The Italian concession of Tianjin (, ) was a small territory (concession) in central Tianjin (formerly romanized as Tientsin), China, controlled by the Kingdom of Italy between 1901 and 1943, officially ceded to China in 1947.

Characteristics 

On 7 September 1901, Italy was granted a concession of 46 hectares in Tientsin from the Chinese government. On 7 June 1902, the Italians took control of the concession, which was to be administered by an Italian consul.

After the First World War, Italy desired to add the former Austro-Hungarian concession which was adjacent to the Italian concession, and would have doubled its size. However, in 1917 China terminated the leases of Germany and Austria-Hungary's concessions. The districts were converted into "Special Areas" under Chinese control, with a separate administration from the rest of Tientsin.

Italy requested again the Austrian concession at the end of First World War and obtained it in 1920. It returned to Chinese authorities when the Second Special Area (the former Austrian concession) was in danger of war and occupation during the Chinese Civil War.

The Italian concession became the headquarters of the Italian Legione Redenta that fought in 1919 during the Allied intervention against Soviet troops in Siberia and Manchuria. In 1935, the Italian concession had a population of about 6,261, including 110 Italian civilians and about 536 foreigners.

The Regia Marina (Italian Royal Navy) stationed some vessels at Tientsin, such as the river gunboats Carlotto and Caboto.

History 

During the Boxer Rebellion in 1900, the Beijing Legation Quarter became the center of an international incident during the Siege of the International Legations by the Boxers for several months.  After the siege had been broken by the Eight-Nation Alliance (that included Italy) at the end of the Battle of Peking, the foreign powers obtained the right to station troops to protect their legations under the terms of the Boxer Protocol. In addition, Italy obtained the concession in Tientsin, southeast of Beijing.

On 7 September 1901, a concession in Tientsin was ceded to the Kingdom of Italy by the Qing dynasty of China.  On 7 June 1902, the concession was taken into Italian possession and administered by an Italian consul: the first was Cesare Poma and the last (in 1943) was Ferruccio Stefanelli.

Along with the other foreign concessions, the Italian concession lay on the Pei Ho, southeast of the city centre.

In the late 1920s, the Italians even held small forts such as the Forte di Shan Hai Kuan near the Great Wall of China in Manchuria and in Hankow.

In 1925, Benito Mussolini created the Battaglione italiano in Cina and quartered it with soldiers of the San Marco Regiment in the new Caserma Ermanno Carlotto.
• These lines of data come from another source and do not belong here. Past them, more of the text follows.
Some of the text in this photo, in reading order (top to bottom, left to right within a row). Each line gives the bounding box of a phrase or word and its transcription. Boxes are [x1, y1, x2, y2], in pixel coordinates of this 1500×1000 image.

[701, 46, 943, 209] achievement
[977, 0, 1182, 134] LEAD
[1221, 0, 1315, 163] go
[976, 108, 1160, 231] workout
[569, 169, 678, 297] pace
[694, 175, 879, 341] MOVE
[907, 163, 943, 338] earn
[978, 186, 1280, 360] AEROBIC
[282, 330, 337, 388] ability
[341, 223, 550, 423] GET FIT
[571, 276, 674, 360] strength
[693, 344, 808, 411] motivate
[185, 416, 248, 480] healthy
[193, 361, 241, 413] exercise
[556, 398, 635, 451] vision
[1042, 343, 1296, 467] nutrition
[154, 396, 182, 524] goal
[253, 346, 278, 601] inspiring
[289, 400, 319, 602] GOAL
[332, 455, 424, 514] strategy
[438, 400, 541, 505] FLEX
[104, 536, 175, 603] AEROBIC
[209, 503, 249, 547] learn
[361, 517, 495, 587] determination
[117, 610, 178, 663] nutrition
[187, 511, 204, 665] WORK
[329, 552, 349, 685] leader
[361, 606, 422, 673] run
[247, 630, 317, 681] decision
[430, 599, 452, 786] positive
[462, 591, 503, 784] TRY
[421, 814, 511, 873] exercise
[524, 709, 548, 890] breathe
The police were Chinese, while the officers were Italians. There was even a football team in the Italian concession.

During World War II, the Italian concession in Tientsin had a garrison of approximately 600 Italian troops. On 9 September 1943, after the publication of the Italian armistice with the Allies, the concession was occupied by the Imperial Japanese Army without fighting and the Italians interned at Tangshan. In November, they were given the choice to give their allegiance to Mussolini's new Italian Social Republic. Those that did received back their personal weapons and were used by the Japanese as labour troops.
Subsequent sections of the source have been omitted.